START Exercise material

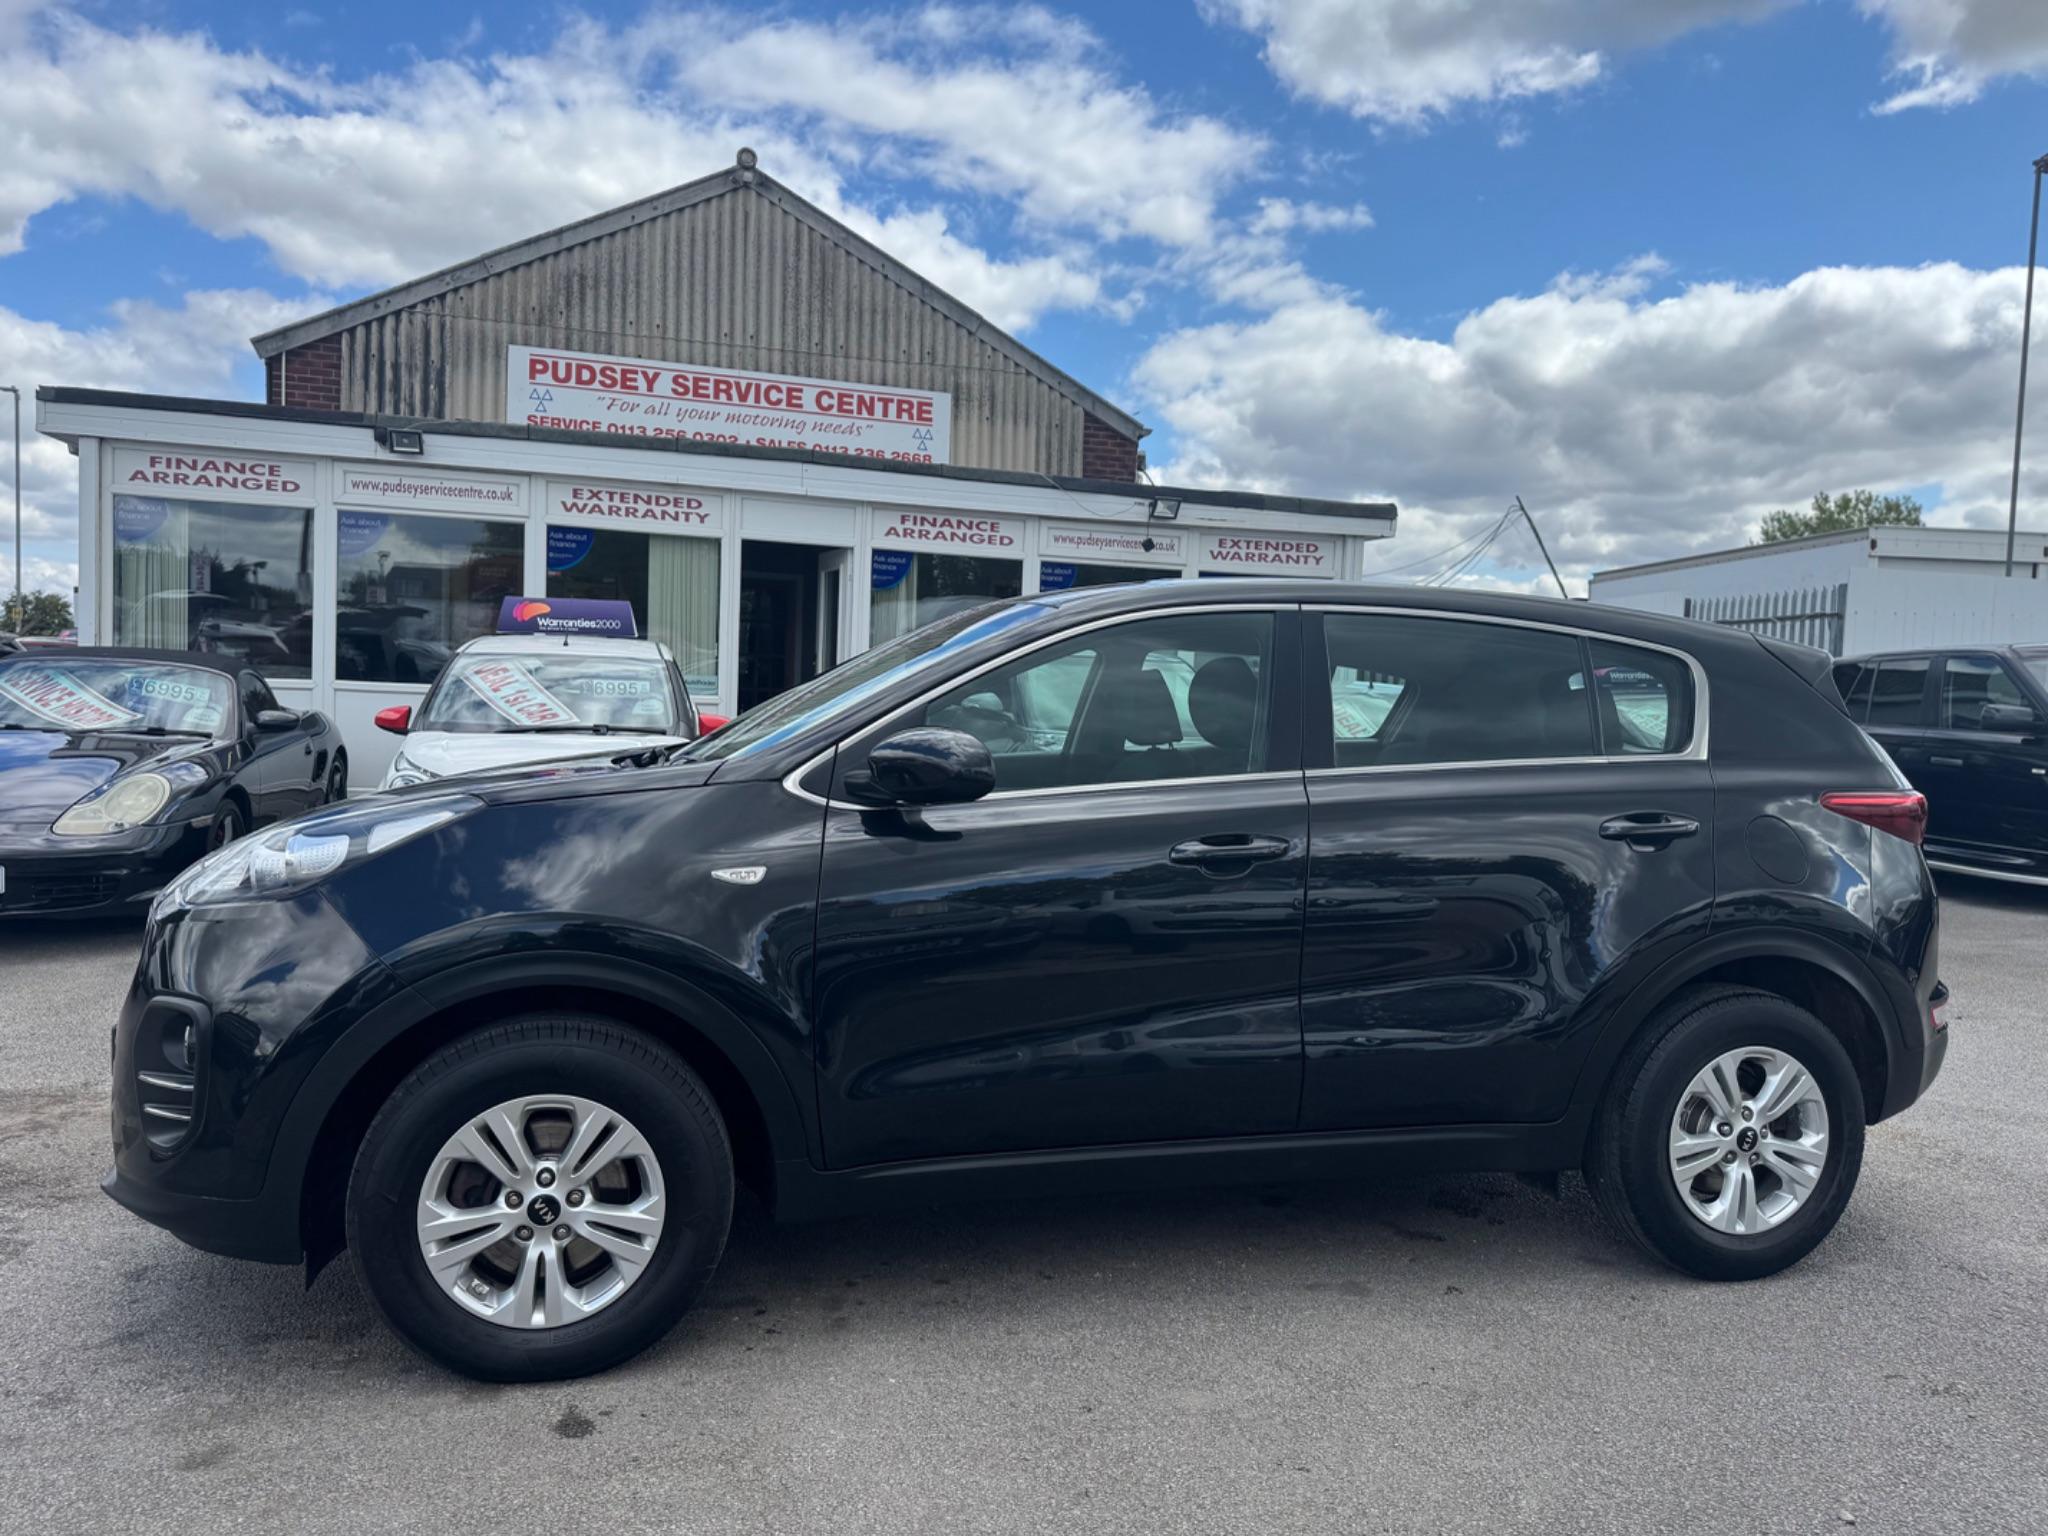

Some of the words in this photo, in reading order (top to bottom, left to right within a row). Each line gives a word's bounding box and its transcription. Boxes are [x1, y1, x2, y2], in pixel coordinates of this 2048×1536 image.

[529, 358, 661, 392] PUDSEY
[671, 373, 804, 409] SERVICE
[815, 389, 933, 423] CENTRE
[644, 402, 671, 416] all
[676, 405, 721, 423] your
[724, 411, 807, 435] motoring
[527, 414, 602, 431] SERVICE
[891, 450, 932, 465] 2668
[149, 455, 282, 477] FINANCE
[128, 470, 301, 493] ARRANGED
[351, 477, 513, 501] www.pudseyservicecentre.co.uk
[571, 487, 703, 510] EXTENDED
[560, 500, 710, 524] WARRANTY
[900, 514, 1000, 533] FINANCE
[565, 532, 587, 542] about
[884, 526, 1014, 547] ARRANGED
[1053, 532, 1176, 552] www.pudseyservicecenco.uk
[1218, 537, 1319, 553] EXTENDED
[1209, 550, 1324, 565] WARRANTY
[537, 616, 621, 630] Warranties2000
[534, 1198, 555, 1223] KIA
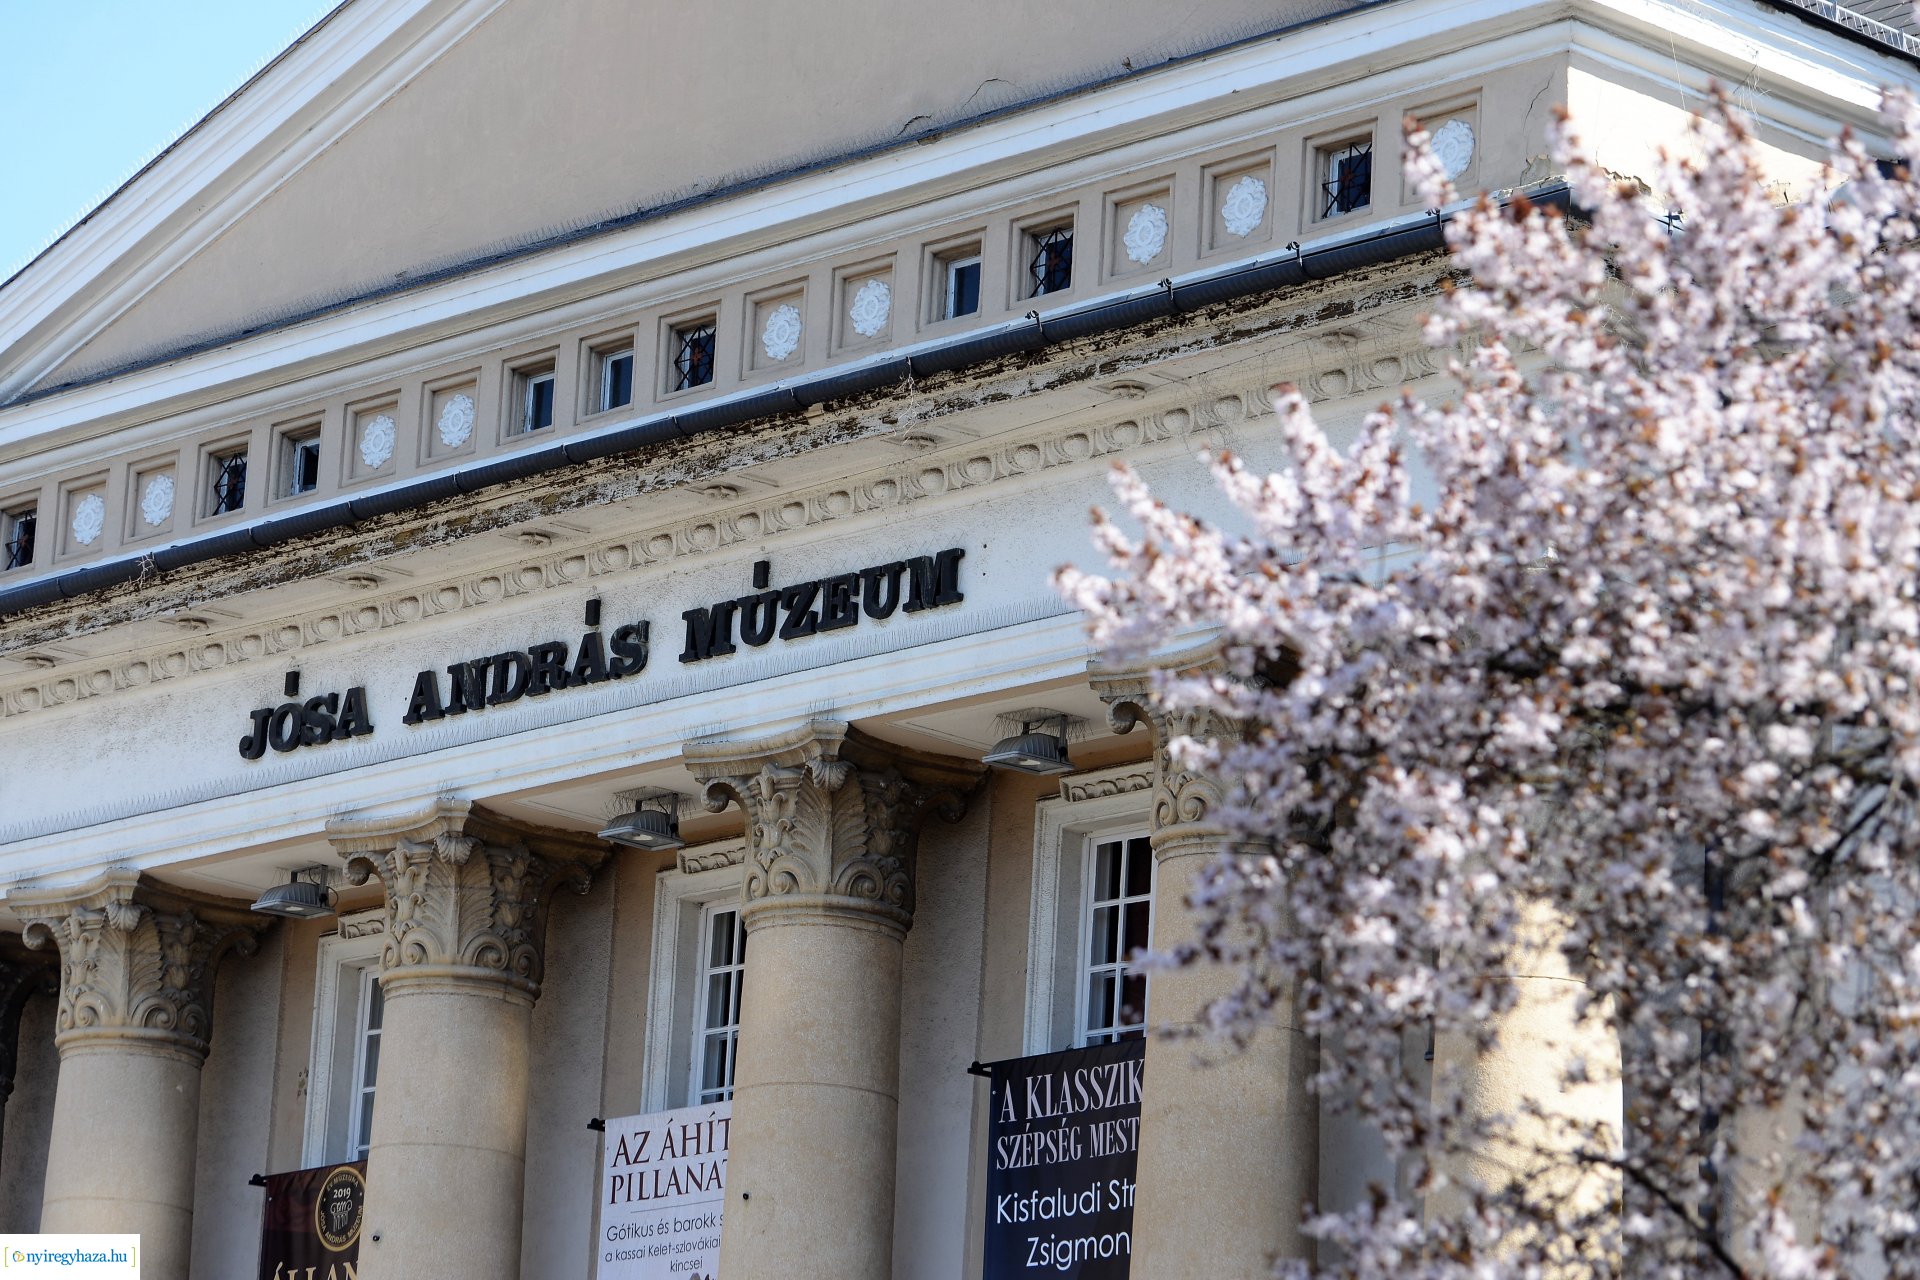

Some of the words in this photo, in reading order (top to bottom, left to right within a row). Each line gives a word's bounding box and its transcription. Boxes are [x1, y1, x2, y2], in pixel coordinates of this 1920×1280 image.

[238, 671, 374, 760] JÓSA
[402, 598, 650, 726] ANDRÁS
[677, 547, 966, 664] MÚZEUM
[998, 1079, 1017, 1124] A
[1025, 1059, 1144, 1120] KLASSZIK
[610, 1130, 651, 1168] AZ
[657, 1111, 731, 1162] ÁHÍT
[996, 1118, 1082, 1170] SZÉPSÉG
[1089, 1116, 1140, 1159] MEST
[333, 1187, 352, 1200] 2019
[609, 1158, 727, 1205] PILLANA
[996, 1181, 1101, 1224] Kisfaludi
[1108, 1178, 1136, 1211] Str
[605, 1252, 613, 1262] a
[615, 1245, 646, 1261] kassai
[648, 1234, 721, 1257] Kelet-szlovákiai
[606, 1223, 654, 1242] Gótikus
[657, 1218, 670, 1234] és
[674, 1212, 716, 1233] barokk
[670, 1256, 703, 1273] kincsei
[1026, 1231, 1131, 1271] Zsigmon

END Exercise material

▶ _Required work_
Set down, word for word, only the lines running from the line with "this 1920×1280 image." to the last line of the listing above. Both of those lines belong in your answer.

▶ _Exercise response_
Some of the words in this photo, in reading order (top to bottom, left to right within a row). Each line gives a word's bounding box and its transcription. Boxes are [x1, y1, x2, y2], in pixel coordinates of this 1920×1280 image.

[238, 671, 374, 760] JÓSA
[402, 598, 650, 726] ANDRÁS
[677, 547, 966, 664] MÚZEUM
[998, 1079, 1017, 1124] A
[1025, 1059, 1144, 1120] KLASSZIK
[610, 1130, 651, 1168] AZ
[657, 1111, 731, 1162] ÁHÍT
[996, 1118, 1082, 1170] SZÉPSÉG
[1089, 1116, 1140, 1159] MEST
[333, 1187, 352, 1200] 2019
[609, 1158, 727, 1205] PILLANA
[996, 1181, 1101, 1224] Kisfaludi
[1108, 1178, 1136, 1211] Str
[605, 1252, 613, 1262] a
[615, 1245, 646, 1261] kassai
[648, 1234, 721, 1257] Kelet-szlovákiai
[606, 1223, 654, 1242] Gótikus
[657, 1218, 670, 1234] és
[674, 1212, 716, 1233] barokk
[670, 1256, 703, 1273] kincsei
[1026, 1231, 1131, 1271] Zsigmon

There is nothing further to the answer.